Dicaprio, being Dicaprio, and Jennifer Lawrence (actually good here! Normally I can't stand her, but I actually kinda liked her here!) are two "physicists" (in the unrealistic hot Hollywood sorta way) who spot a comet. Hurtling towards the earth. Which no one takes seriously. Caricature President Meryl Streep (having a blast as a Trumpian Sarah Palin) dismisses them, then begrudgingly accepts the situation, half-assedly makes an attempt to fire the rockets before backtracking instantly for capitalistic purposes, and goes back to her denial, there's-no-problem-here routine. Jonah Hill, being Jonah Hill, bumbles around as her son/secretary of state (stick around for the droll post-credit sequence). Mark Rylance, the best part of the movie, as a high-functioning autistic Steve Jobs brought it all together with some of the funniest gags.

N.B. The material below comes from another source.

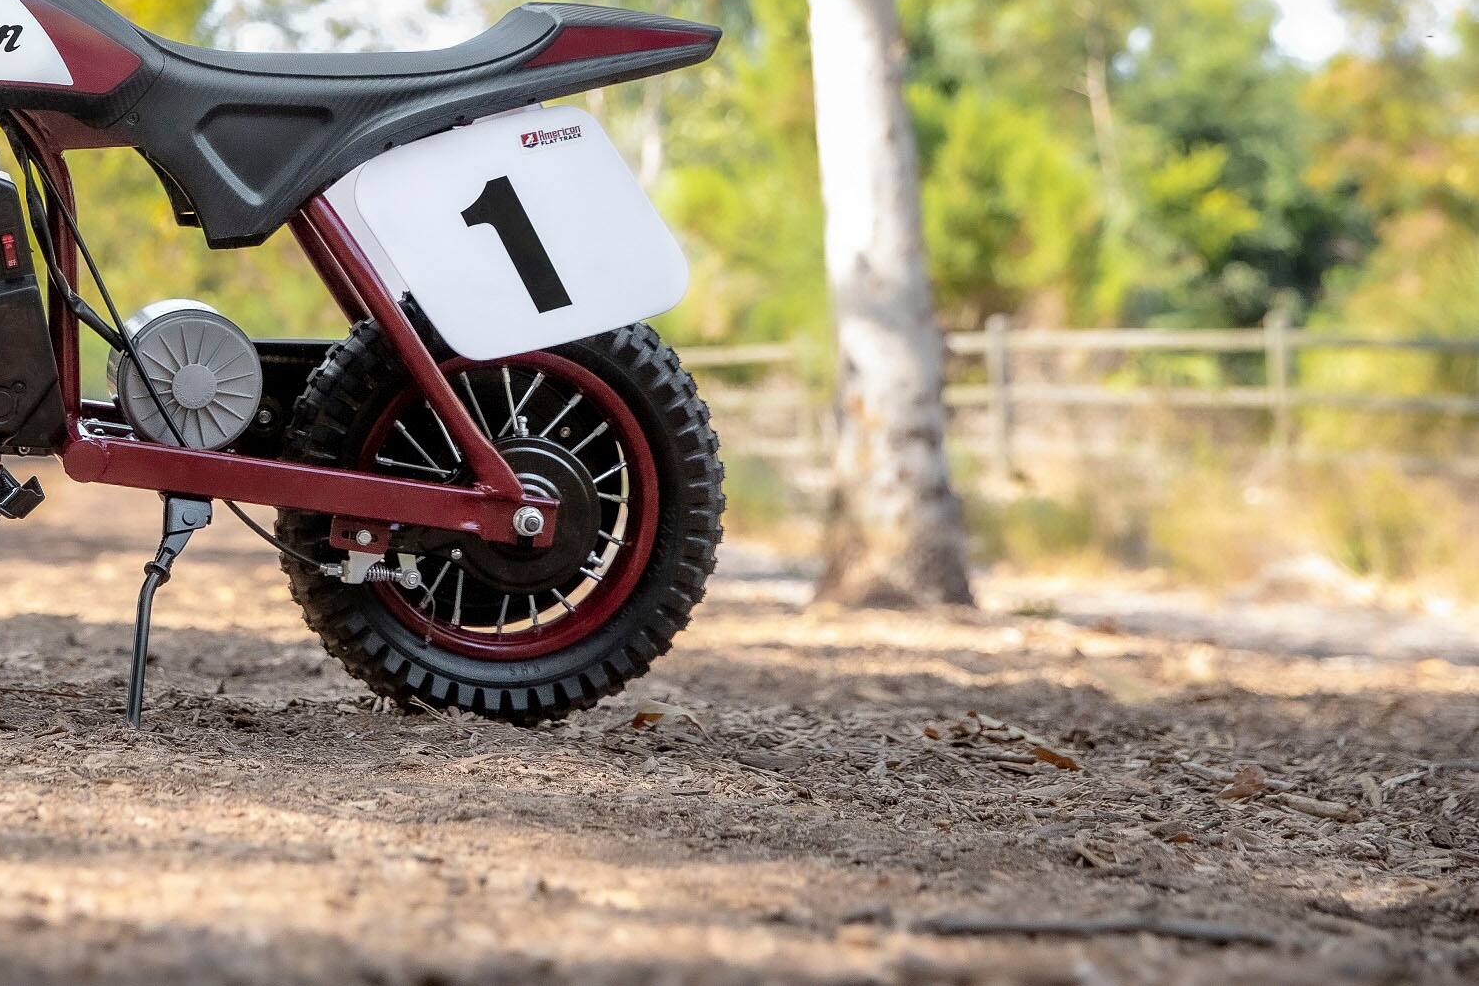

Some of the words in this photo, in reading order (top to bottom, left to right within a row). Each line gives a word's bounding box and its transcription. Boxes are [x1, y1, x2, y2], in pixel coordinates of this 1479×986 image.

[538, 125, 581, 140] American
[560, 133, 582, 142] TRACK
[460, 175, 573, 314] 1

Though nowhere near The Big Short or Vice in this era of the "new", improved, more serious Adam McKay, Don't Look Up is still a far cry above the director's abysmally horrid, cheaply unfunny 2000's output where he was essentially aping those awful Judd Apatow "comedies" that dominated the era. As of now - for me - Don't Look Up sits at a decent third place amongst McKay's inconsistent, mixed-bag filmography. Not bad, not great, a slight, pleasantly-mid end-of-the-world dark comedy that's, at the very least, more decent than most Netflix-distributed content.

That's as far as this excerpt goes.